Background: Cooking with solid fuels such as wood and charcoal contributes to household air pollution and is associated with adverse birth outcomes. Cleaner fuel interventions may reduce HAP exposure sufficiently to prevent preterm birth (PTB, <37 weeks gestation). We assessed the effects of a randomized liquefied petroleum gas (LPG) stove and free fuel intervention on PTB and gestational duration (secondary outcomes of the trial), as well as associations with fine particulate matter (PM2.5), black carbon (BC), and carbon monoxide (CO) in the HAPIN trial conducted in Guatemala, India, Peru, and Rwanda.

Methods: Pregnant women (18-35 years of age; gestation confirmed by ultrasound at 9-20 weeks) were randomly assigned to intervention arm (n=1,593) or control arm (n=1,607). We measured 24-hour personal exposure to PM2.5, BC, and CO at baseline, 18-24 weeks, and 32-36 weeks gestation. We used intent-to-treat approach to evaluate the intervention effect. We also assessed associations between measured pollution concentrations with PTB and gestational duration using linear and log-binomial regression models.

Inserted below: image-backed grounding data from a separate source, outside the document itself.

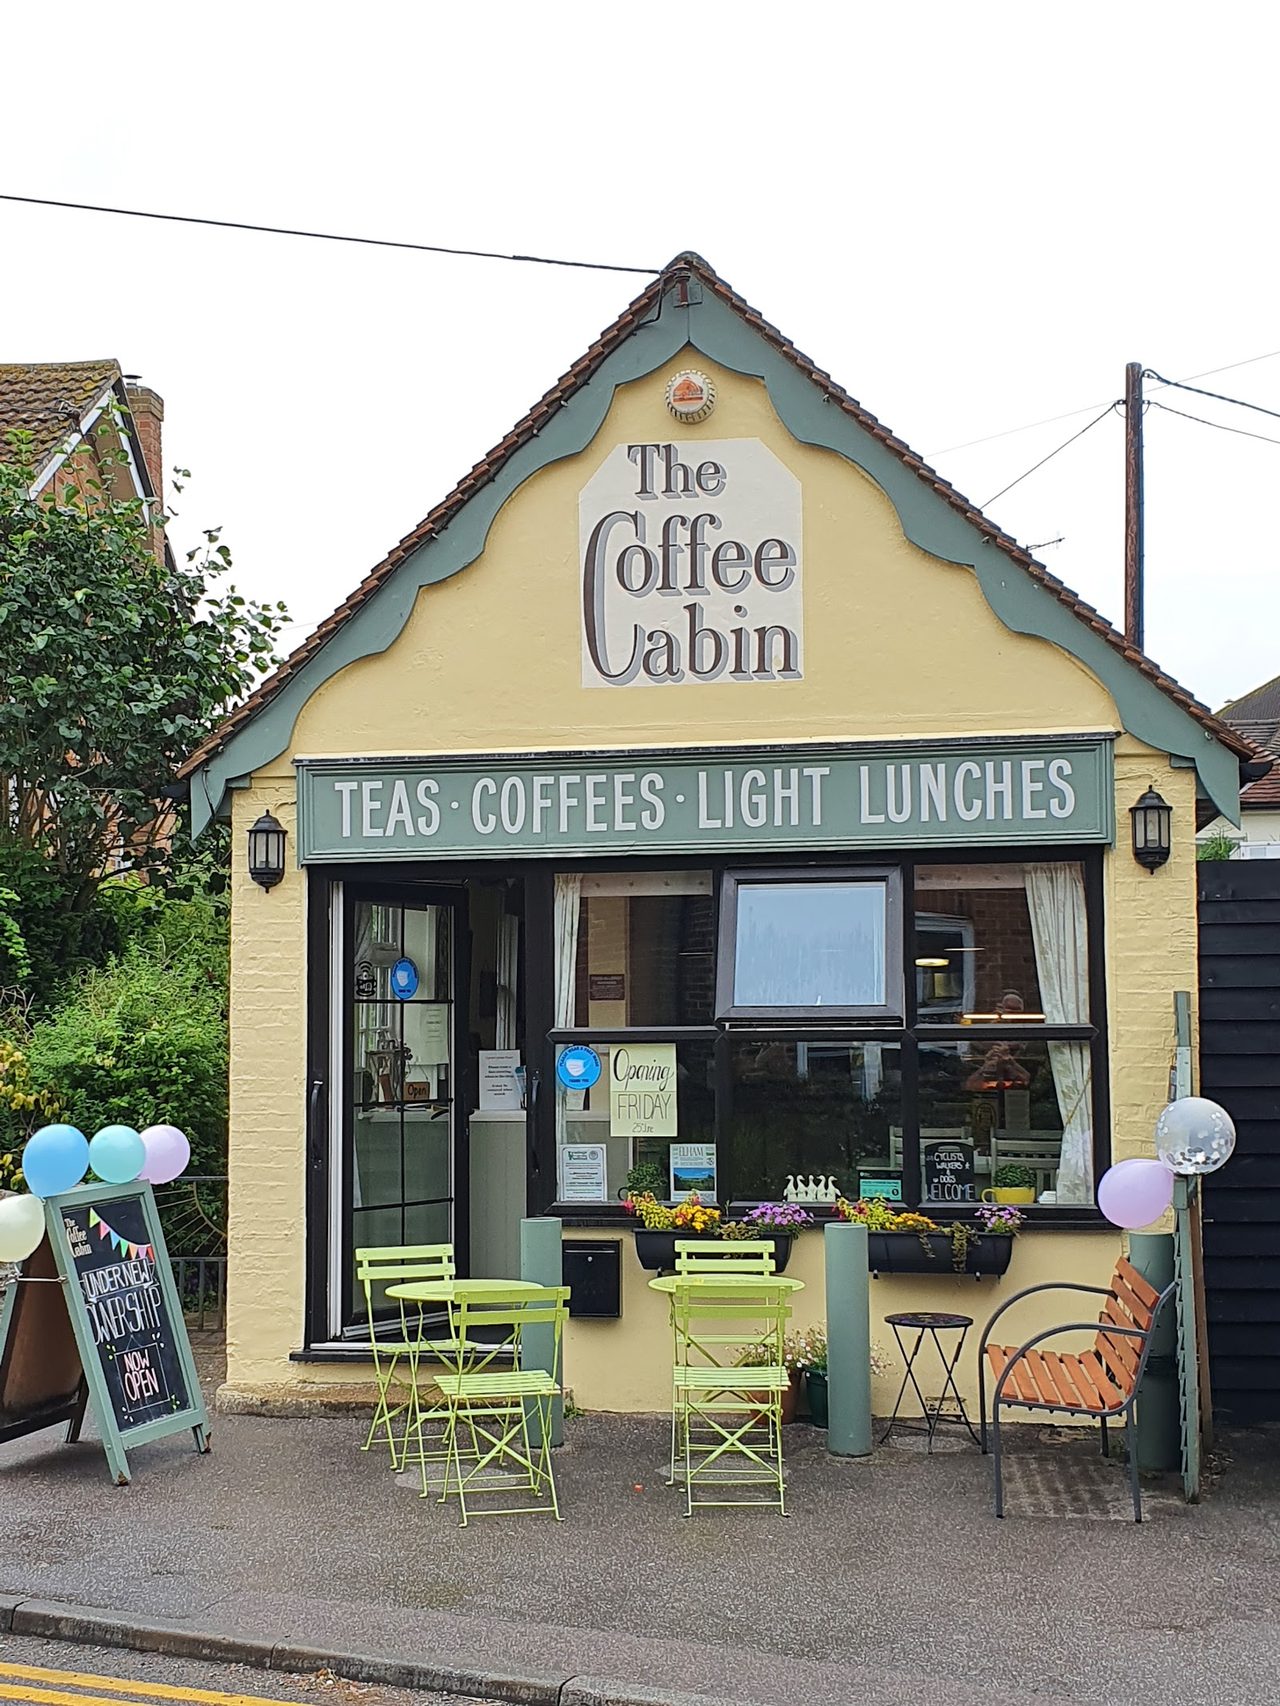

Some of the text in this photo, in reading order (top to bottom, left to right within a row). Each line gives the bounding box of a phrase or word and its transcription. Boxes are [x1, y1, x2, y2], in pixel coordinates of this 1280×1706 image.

[627, 444, 726, 500] The
[583, 510, 797, 598] Coffee
[583, 602, 803, 686] Cabin
[334, 758, 1075, 839] TEAS COFFEES LIGHT LUNCHES
[617, 1093, 671, 1120] FRIDAY
[939, 1175, 957, 1183] DOGS
[85, 1259, 150, 1298] UNDER NEW
[123, 1348, 150, 1373] NOW
[124, 1367, 160, 1401] OPEN

Results: Intervention adherence was nearly exclusive; PM2.5, BC, and CO exposures were 66-80% lower post-randomization compared to control. The proportion of livebirths (n=3060) that were preterm was 5.9% (intervention arm) and 5.4% (control arm). Compared to the control arm, the relative risk of PTB among women randomized to the intervention was 1.09 (95% CI 0.82-1.46, p=0.56). The mean gestational duration was 39.3 weeks in both the intervention and control arm (adjusted mean difference 0.03 weeks, 95% CI -0.08-0.15, p=0.55). PM2.5, BC, and CO levels during pregnancy were not associated with PTB or gestational duration.

Conclusions: An LPG stove and fuel intervention did not reduce PTB risk or increase gestational duration in this study population, nor was measured personal pollution associated with either outcome.